Date of Award

1991

Document Type

Dissertation

Degree Name

Doctor of Philosophy (PhD)

Department

Geography and Anthropology

First Advisor

William V. Davidson

Abstract

This geographical study of piracy in Spanish America spans from 1536, the beginning date of sustained piratical activity there, to the near dispersion of pirate forces by 1718. It identifies and relates the operations of sixteenth-century corsairs such as Francis Drake, seventeenth-century buccaneers such as Henry Morgan, and eighteenth-century freebooters such as 'Blackbeard'. Regional coverage focuses on Middle America with an occasional foray into the South Sea. The principal national agents considered are English, French, Dutch, and Spanish. The study begins by deriving a working definition of pirates and examining precedent spatial approaches by Henry Mainwaring, Ellen Semple, and Derwent Whittlesey. The remainder divides essentially into three parts. The first addresses those physical, situational, and geopolitical factors which influenced the spatial development of piracy in Spanish America. That pattern is described in terms of pirate routes as they evolved in the Caribbean and Pacific; major targeted Spanish entrepots such as Havana, Cartagena, Panama, Porto Bello, Vera Cruz, and Acapulco; pirate refuges and rendezvous such as Juan Fernandez, the Bay Islands, and the Galapagos, and buccaneer strongholds including Providence Island, Curacao, Tortuga, Port Royal (Jamaica), and New Providence (Bahamas). The pirates' interaction with the natural environment, especially along pirate coasts defined by turtling grounds, careening sites, and logwood stands are considered as are the Spaniards' implementations of convoy routes, fortifications, and changes in settlement.
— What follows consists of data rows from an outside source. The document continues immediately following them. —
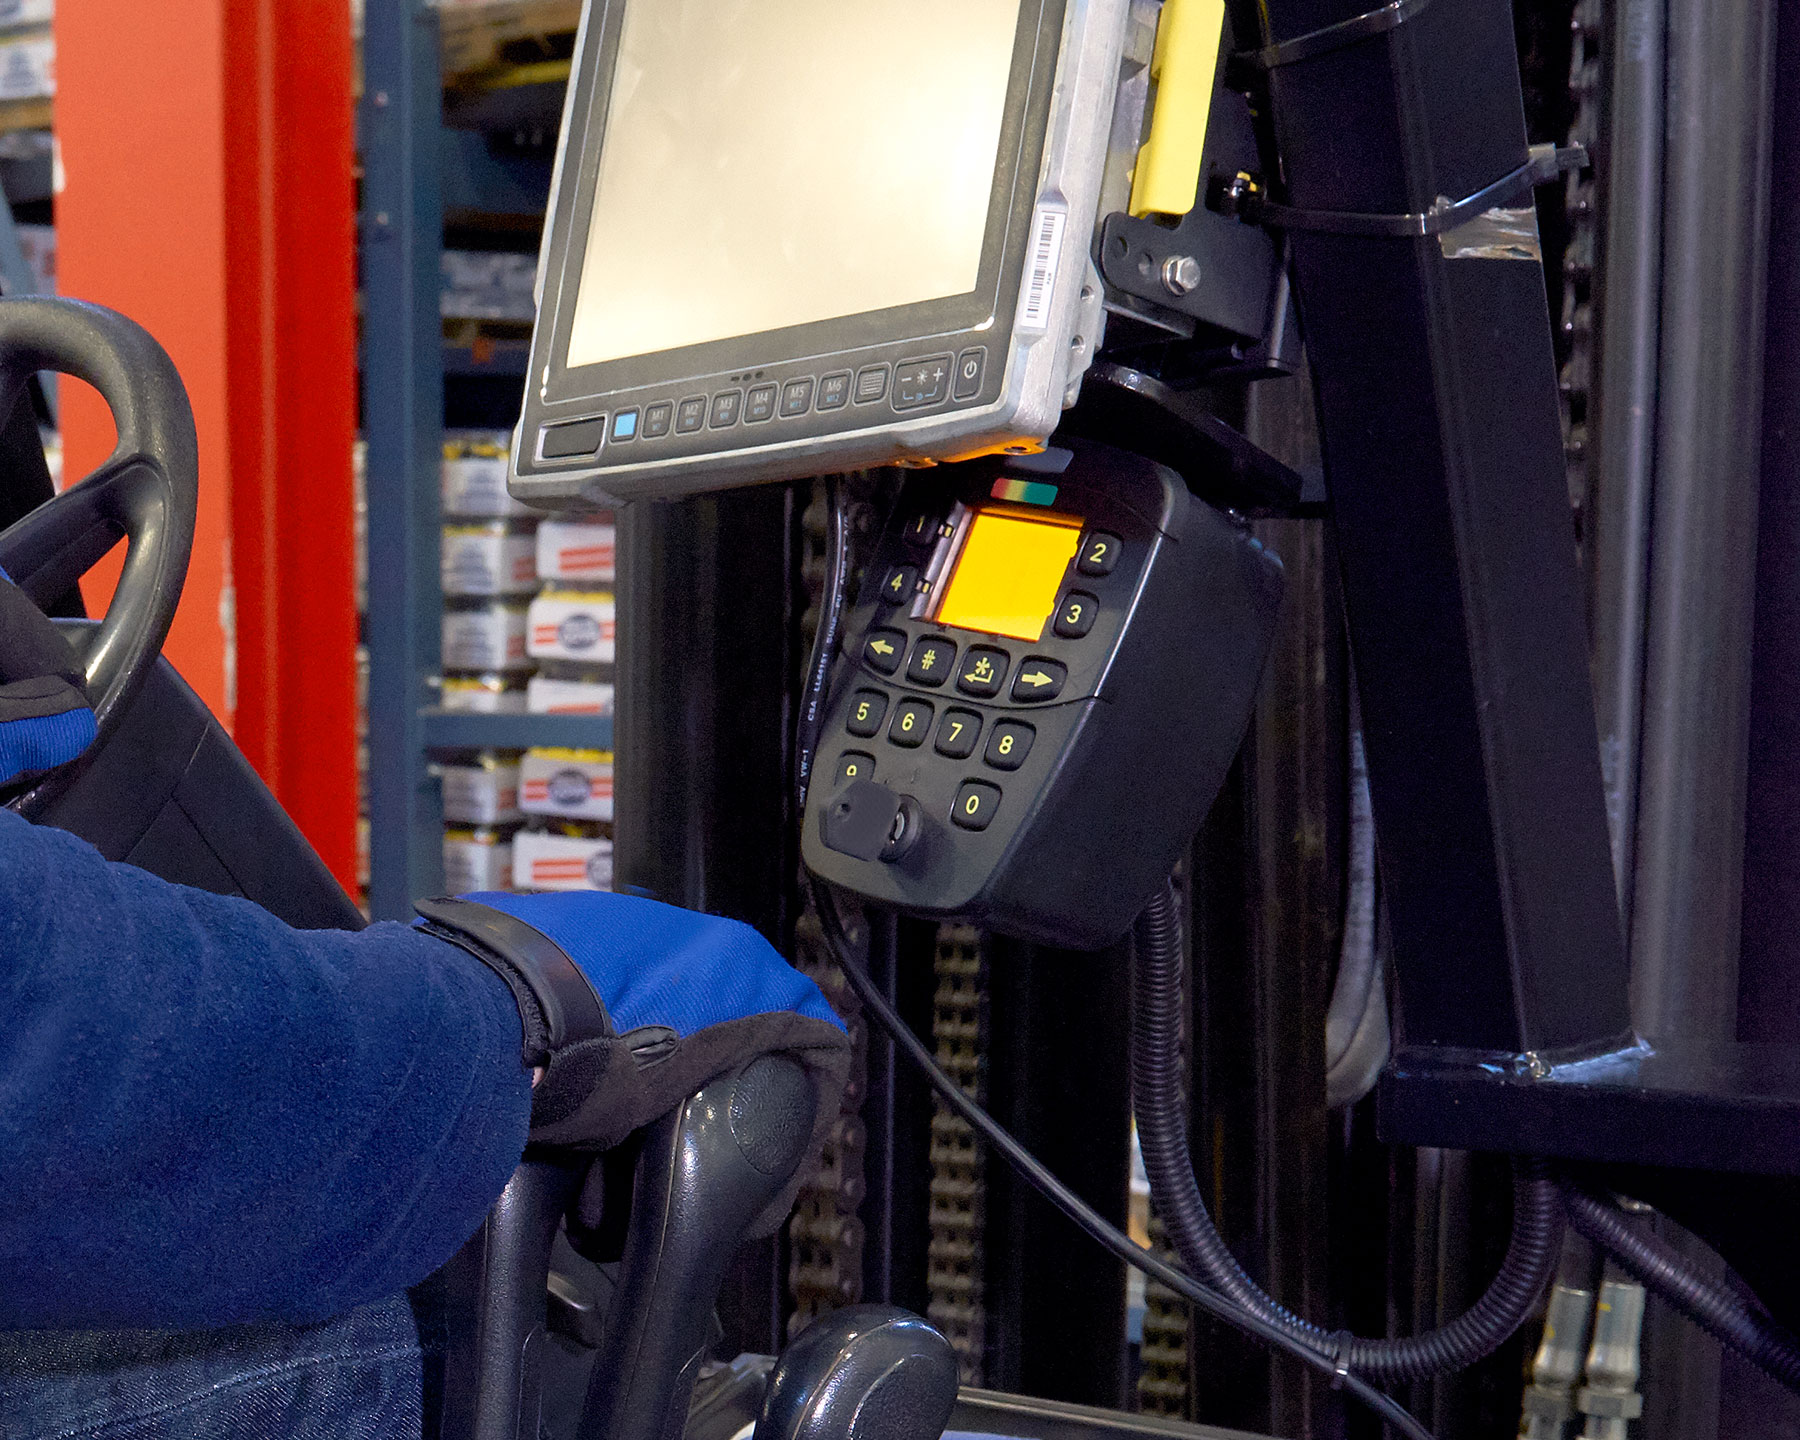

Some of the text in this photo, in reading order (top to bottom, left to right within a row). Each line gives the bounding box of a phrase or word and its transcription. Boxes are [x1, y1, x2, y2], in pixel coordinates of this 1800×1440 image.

[790, 387, 804, 399] M5
[827, 380, 842, 392] M6
[719, 398, 733, 410] M3
[755, 392, 768, 404] M4
[685, 404, 699, 416] M2
[916, 515, 925, 533] 1
[1089, 543, 1107, 563] 2
[891, 574, 903, 592] 4
[1066, 604, 1082, 624] 3
[807, 700, 817, 721] CSA
[857, 702, 1014, 754] 5 6 7 8
[965, 795, 980, 815] 0
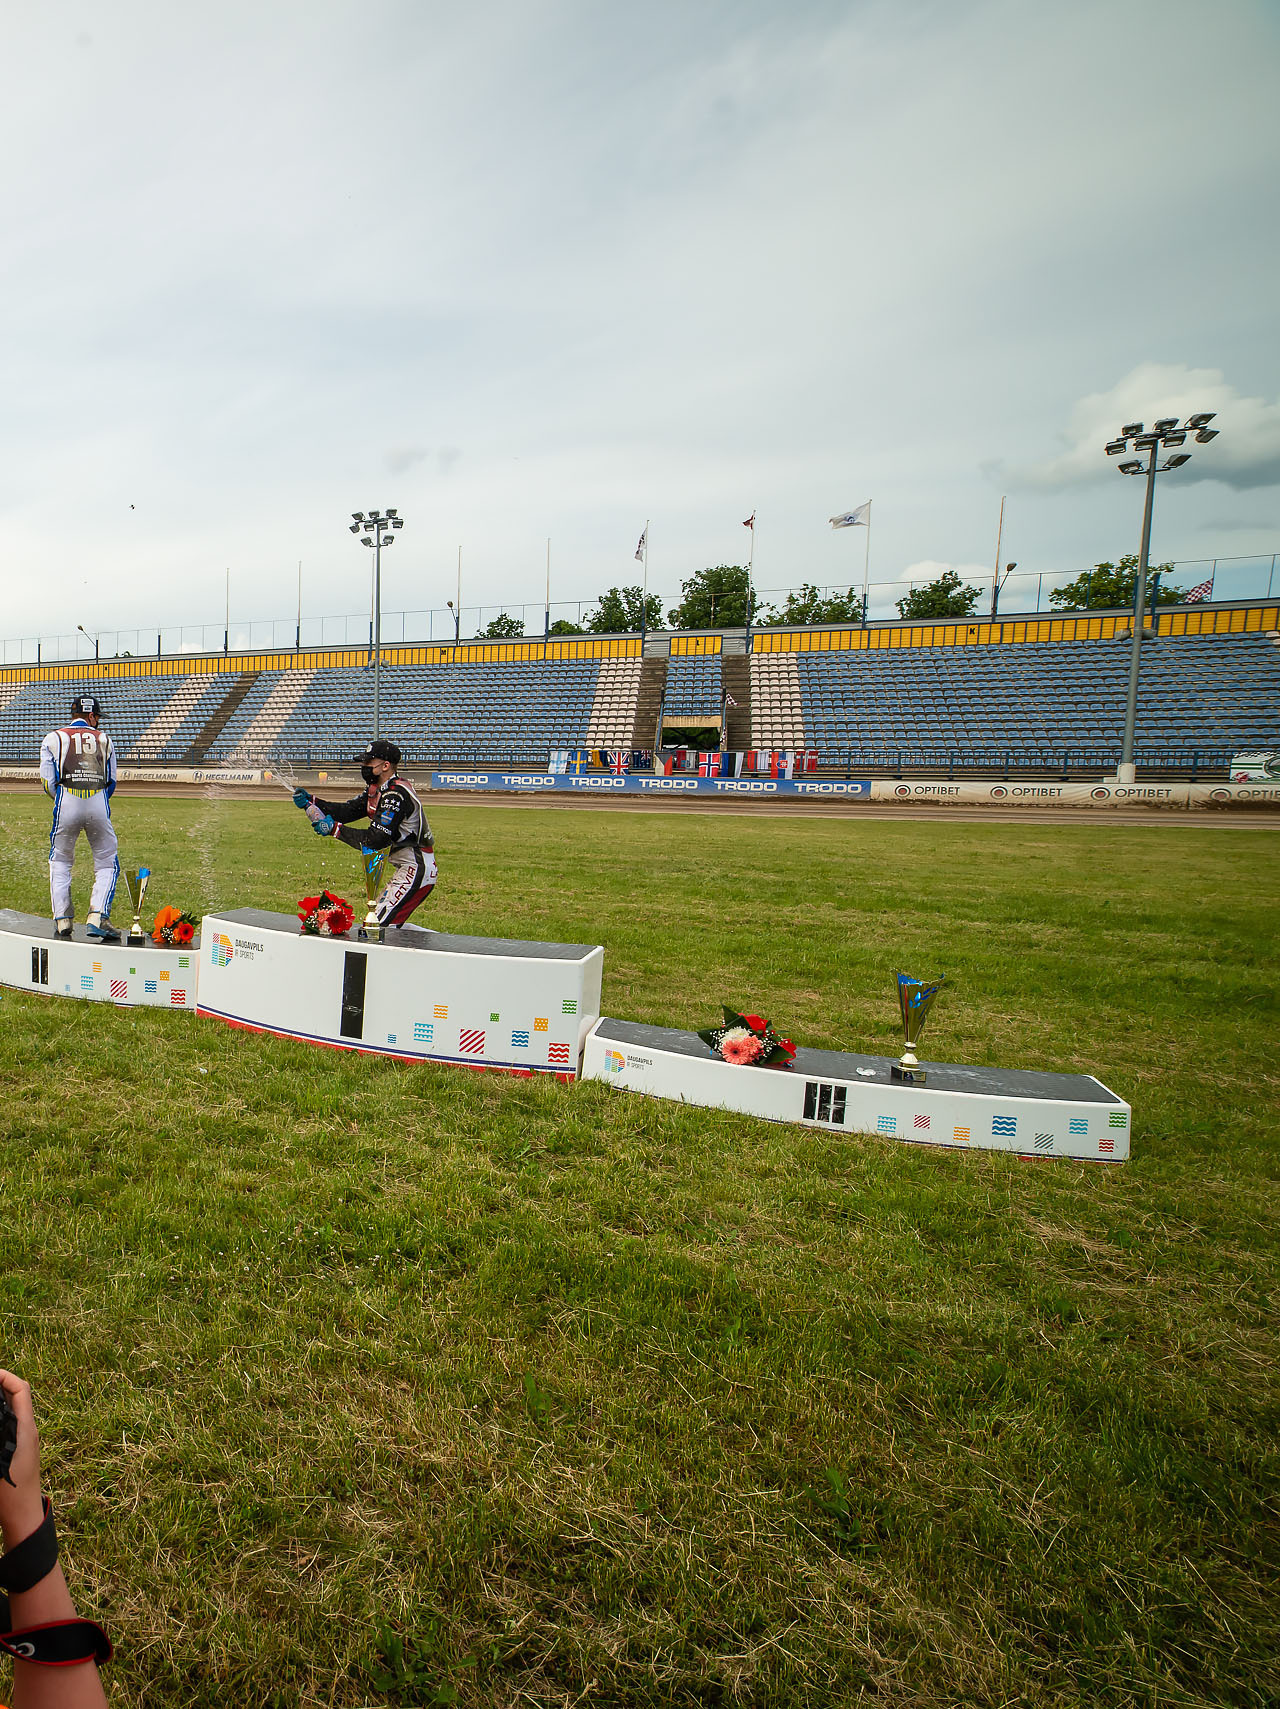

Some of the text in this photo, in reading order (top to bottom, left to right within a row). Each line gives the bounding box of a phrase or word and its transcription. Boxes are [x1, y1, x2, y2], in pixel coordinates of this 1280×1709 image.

[71, 732, 97, 754] 13
[438, 775, 489, 784] TRODO
[502, 776, 555, 785] TRODO
[569, 777, 625, 787] TRODO
[638, 778, 698, 789] TRODO
[714, 780, 777, 791] TRODO
[794, 782, 862, 793] TRODO
[914, 786, 960, 795] OPTIBET
[1011, 787, 1063, 796] OPTIBET
[1114, 788, 1172, 798] OPTIBET
[389, 866, 416, 906] LATVIA
[235, 939, 263, 952] DAUGAVPILS
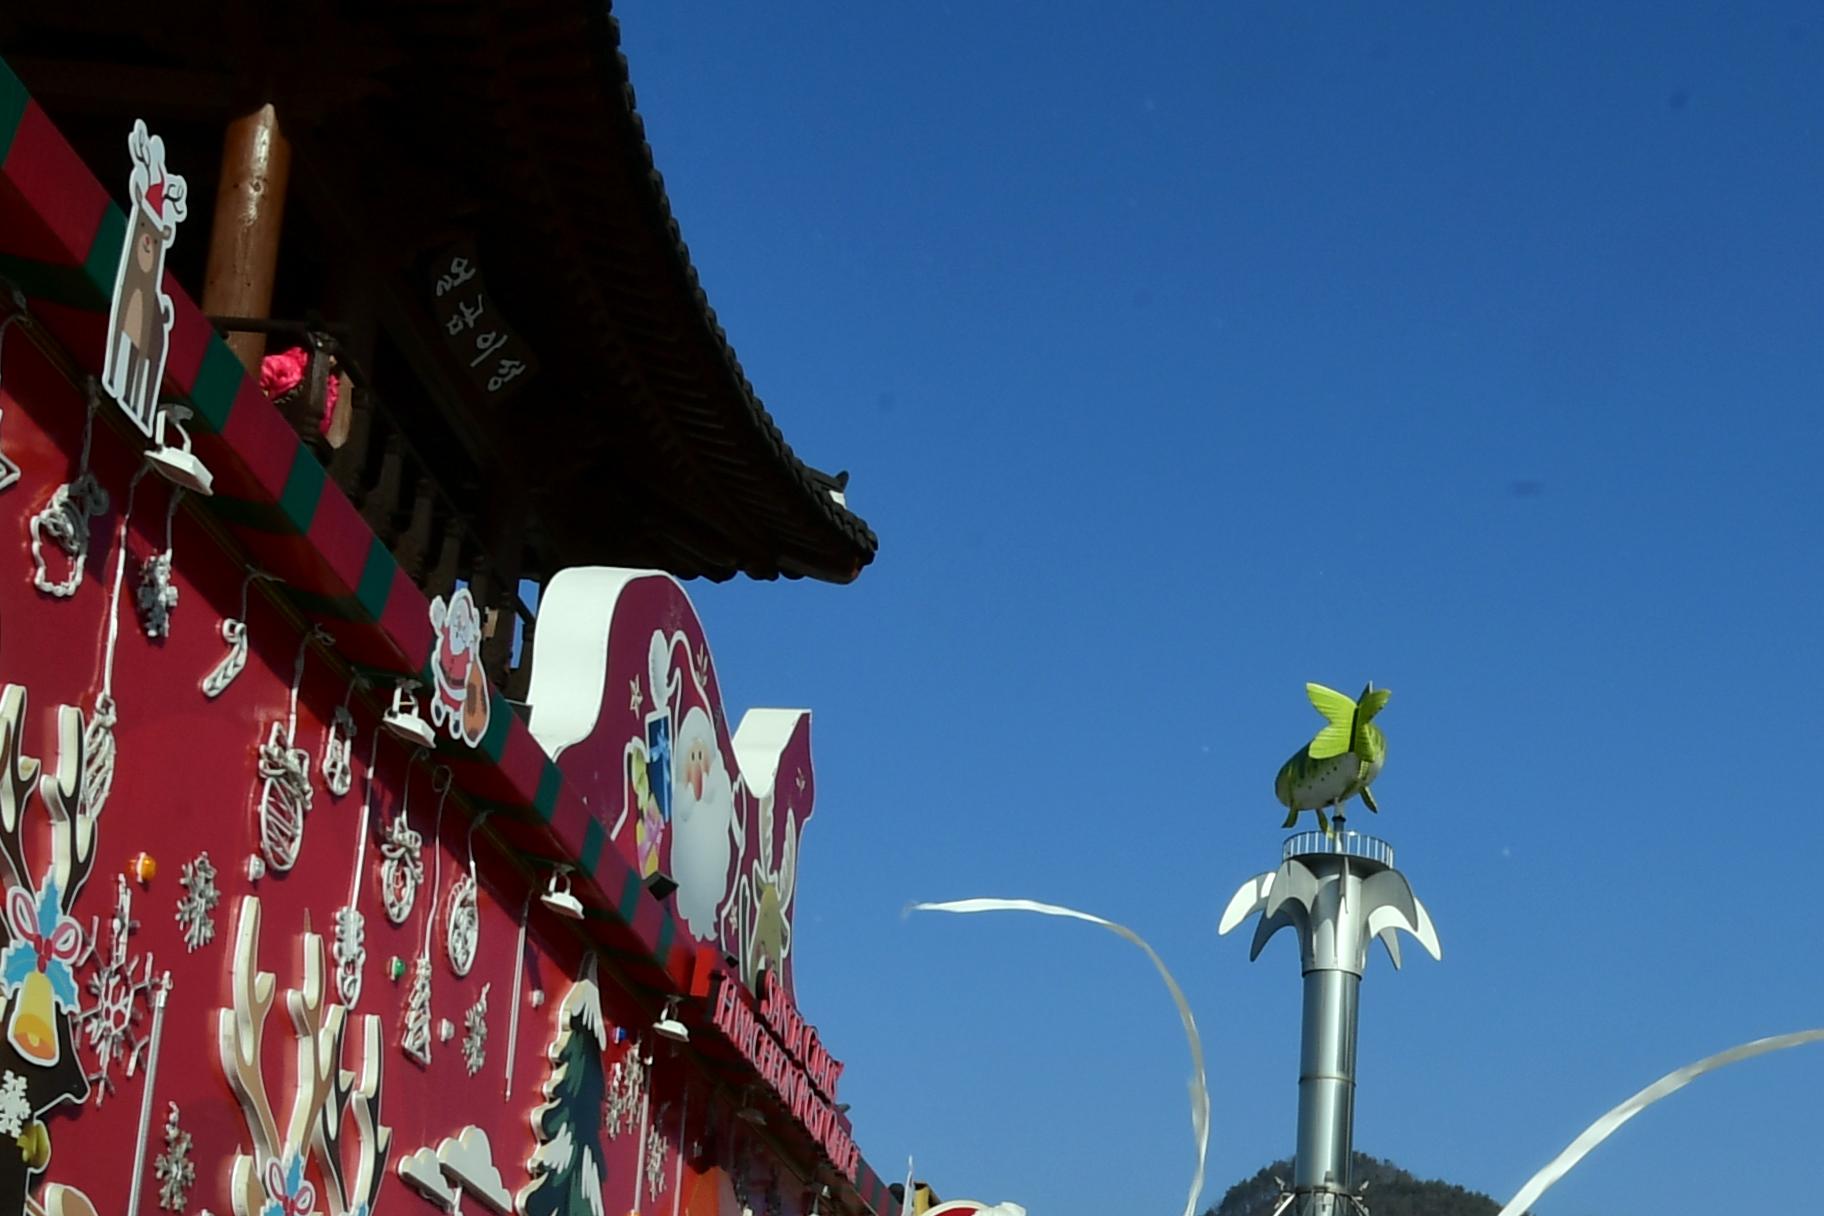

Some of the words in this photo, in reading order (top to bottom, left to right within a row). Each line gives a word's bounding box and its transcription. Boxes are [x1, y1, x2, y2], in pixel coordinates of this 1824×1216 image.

Secondly, detailed historical reconstruction of Tortuga, north of Hispaniola--the regions' premier pirate stronghold--occupies the focal position of this work. Herein described are Tortuga's history as a pirate base and its most infamous buccaneers, its physical site and situation, and the cultural climate which generated the piratical Brethren of the Coast. The third component evaluates the contributions of pirates themselves to the advancement of geographical knowledge. A comparison of their charts and journals exemplifies pirates' participation in the discovery and exploration of the New World. Particular emphasis on maps by William Dampier, Basil Ringrose, Lionel Wafer, Ambrose Cowley, and Alexandre Exquemelin highlights the cartographic achievements of the buccaneers.